Supplied data -
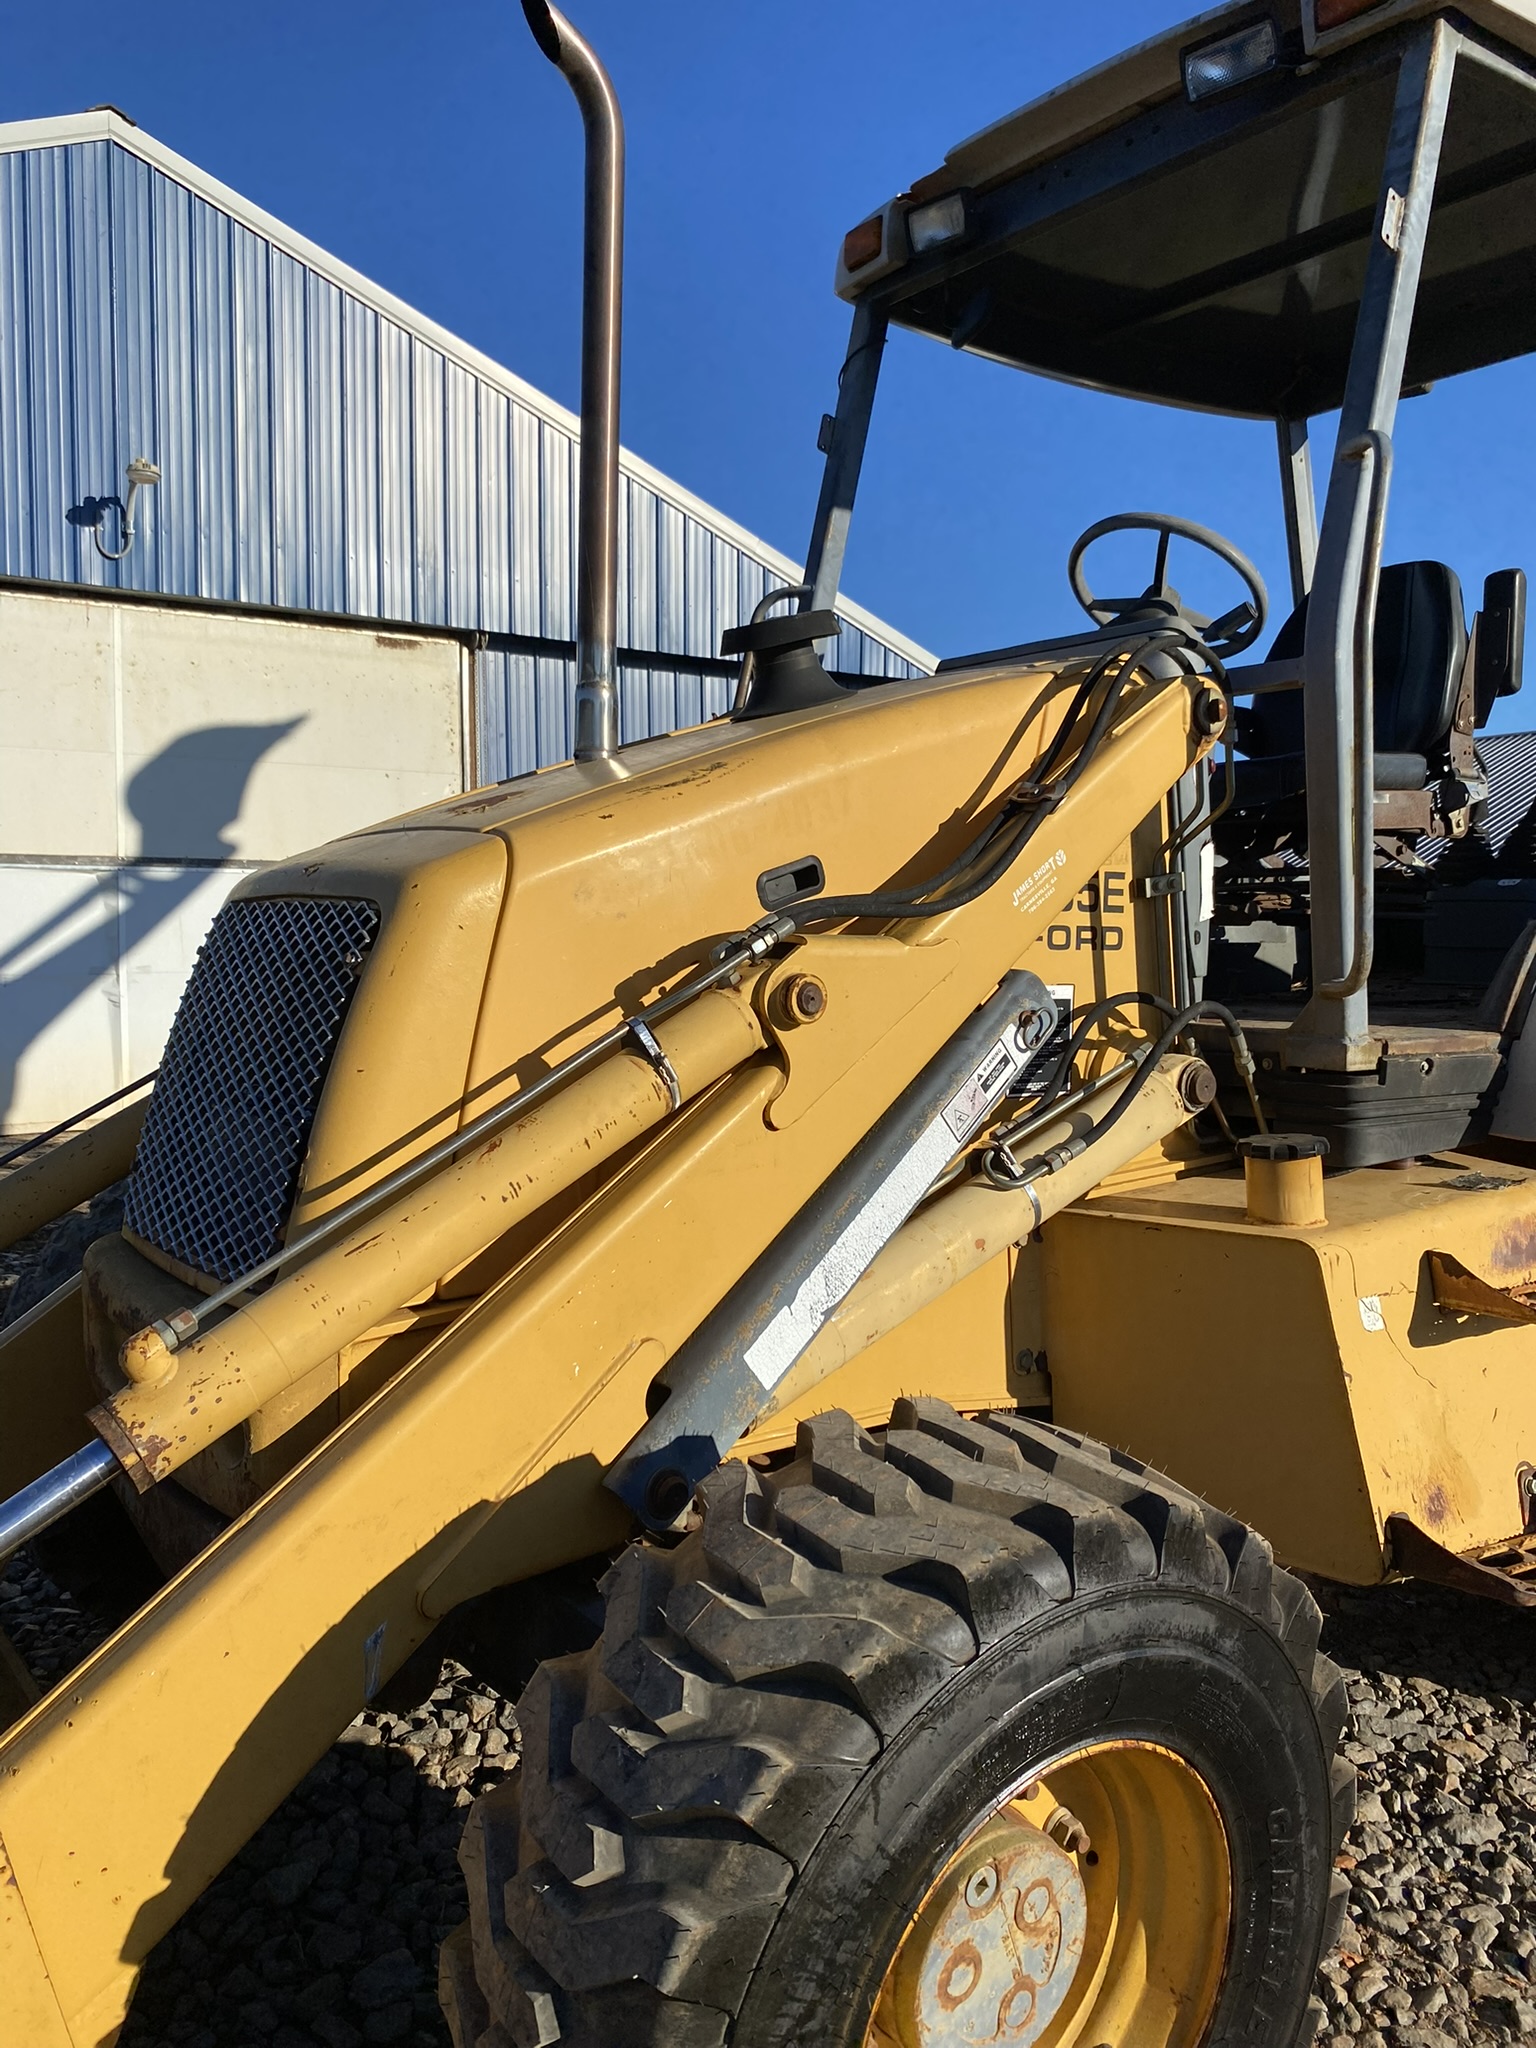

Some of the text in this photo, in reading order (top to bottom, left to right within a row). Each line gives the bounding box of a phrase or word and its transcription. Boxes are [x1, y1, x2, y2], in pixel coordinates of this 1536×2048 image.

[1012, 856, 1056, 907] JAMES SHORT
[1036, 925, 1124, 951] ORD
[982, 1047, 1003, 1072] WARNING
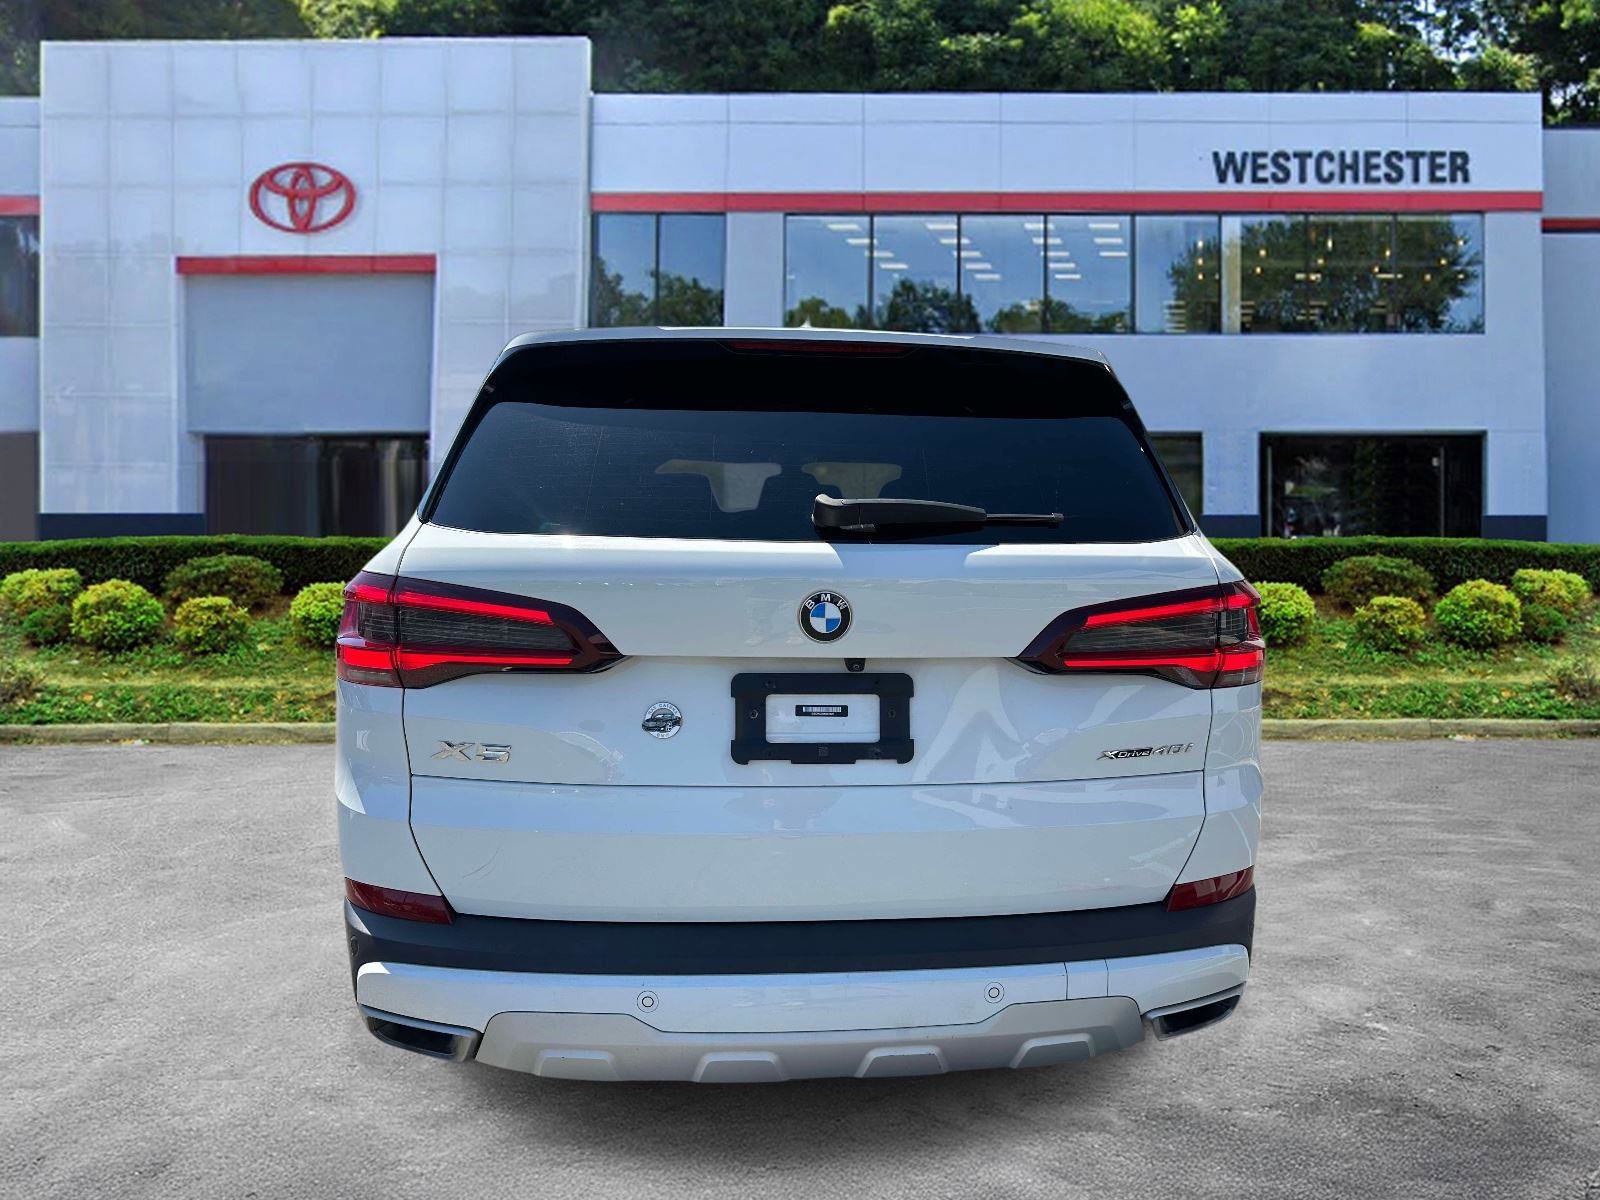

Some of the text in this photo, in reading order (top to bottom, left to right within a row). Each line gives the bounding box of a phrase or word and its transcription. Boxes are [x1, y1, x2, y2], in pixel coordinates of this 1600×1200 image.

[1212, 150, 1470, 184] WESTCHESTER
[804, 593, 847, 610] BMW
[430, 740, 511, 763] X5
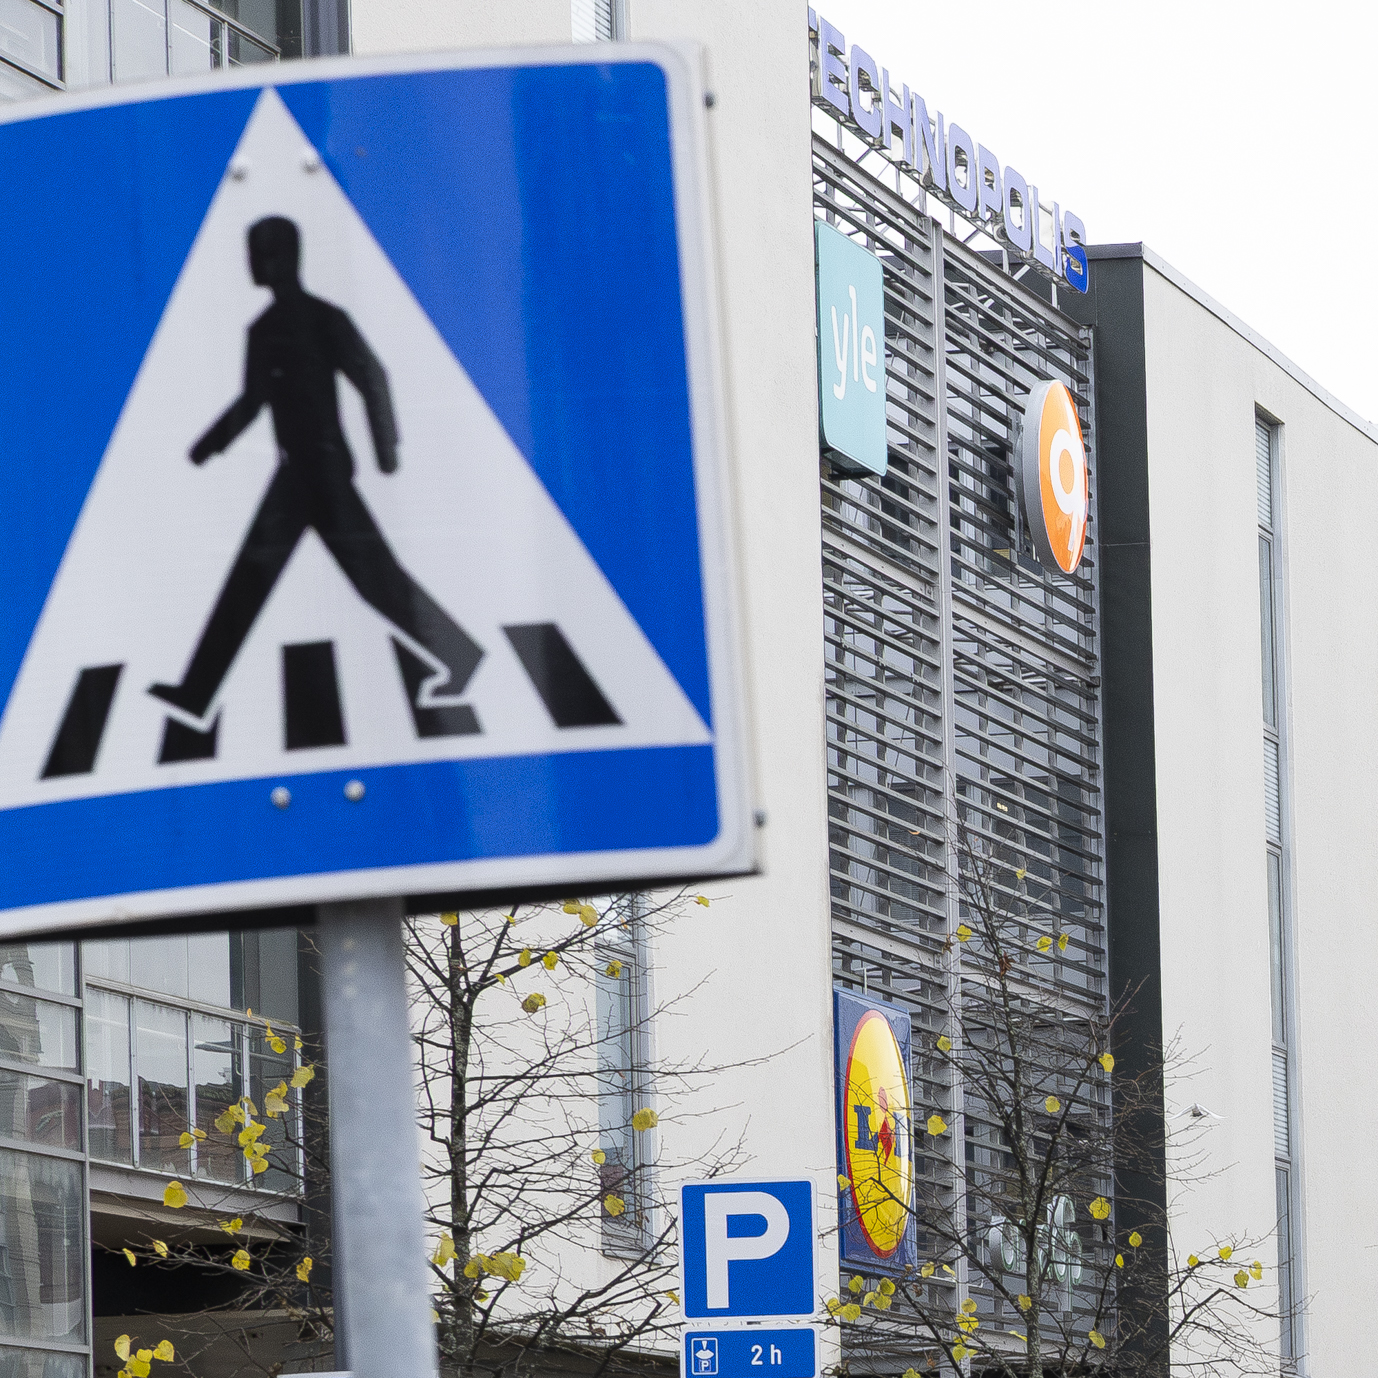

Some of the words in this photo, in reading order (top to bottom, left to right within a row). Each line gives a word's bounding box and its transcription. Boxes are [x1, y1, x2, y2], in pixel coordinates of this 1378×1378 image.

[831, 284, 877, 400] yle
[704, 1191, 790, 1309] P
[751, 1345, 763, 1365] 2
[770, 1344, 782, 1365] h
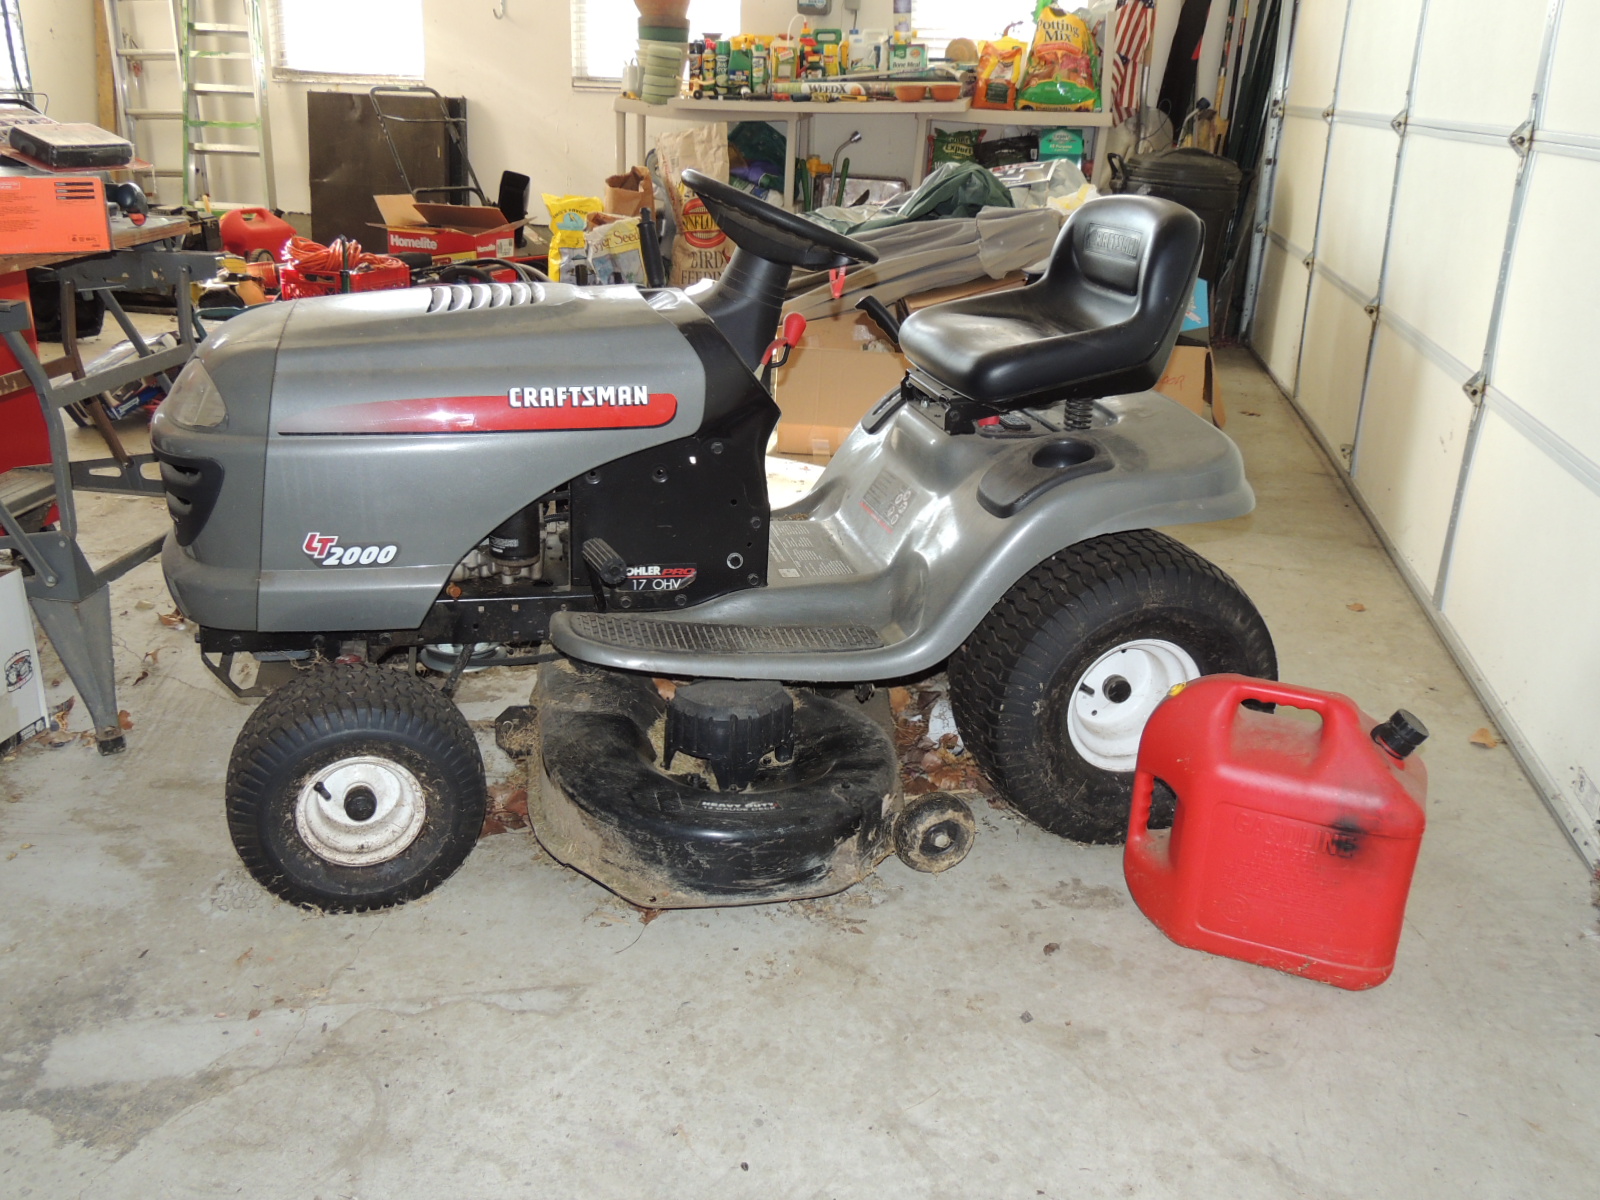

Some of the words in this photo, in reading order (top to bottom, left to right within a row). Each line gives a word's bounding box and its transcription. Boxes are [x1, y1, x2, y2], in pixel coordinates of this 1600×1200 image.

Problem description - Could you return the listing above exactly, minus its pictures?

Answer to this exercise -
Some of the text in this photo, in reading order (top to bottom, left to right within a row). Each line gives the bounding box of a phrase or word and its transcription. Boxes are [x1, y1, x2, y2], in pixel coordinates of this 1536×2048 image.

[1012, 856, 1056, 907] JAMES SHORT
[1036, 925, 1124, 951] ORD
[982, 1047, 1003, 1072] WARNING

Some of the text in this photo, in reading order (top to bottom, left to right within a row). Each line gives the bounding box of a phrase or word and its transcription. Boxes are [x1, y1, x2, y2], in pixel coordinates of this 1600×1200 image.

[1212, 150, 1470, 184] WESTCHESTER
[804, 593, 847, 610] BMW
[430, 740, 511, 763] X5

Some of the words in this photo, in reading order (top to bottom, left to right within a row). Each line gives a word's bounding box and its transcription. Boxes are [x1, y1, x2, y2], in pixel coordinates of this 1378×1378 image.

[831, 284, 877, 400] yle
[704, 1191, 790, 1309] P
[751, 1345, 763, 1365] 2
[770, 1344, 782, 1365] h

Some of the words in this photo, in reading order (top to bottom, left to right within a row). Each line gives a word's bounding box and its transcription. Boxes are [x1, y1, x2, y2], in pixel coordinates of this 1600×1200 image.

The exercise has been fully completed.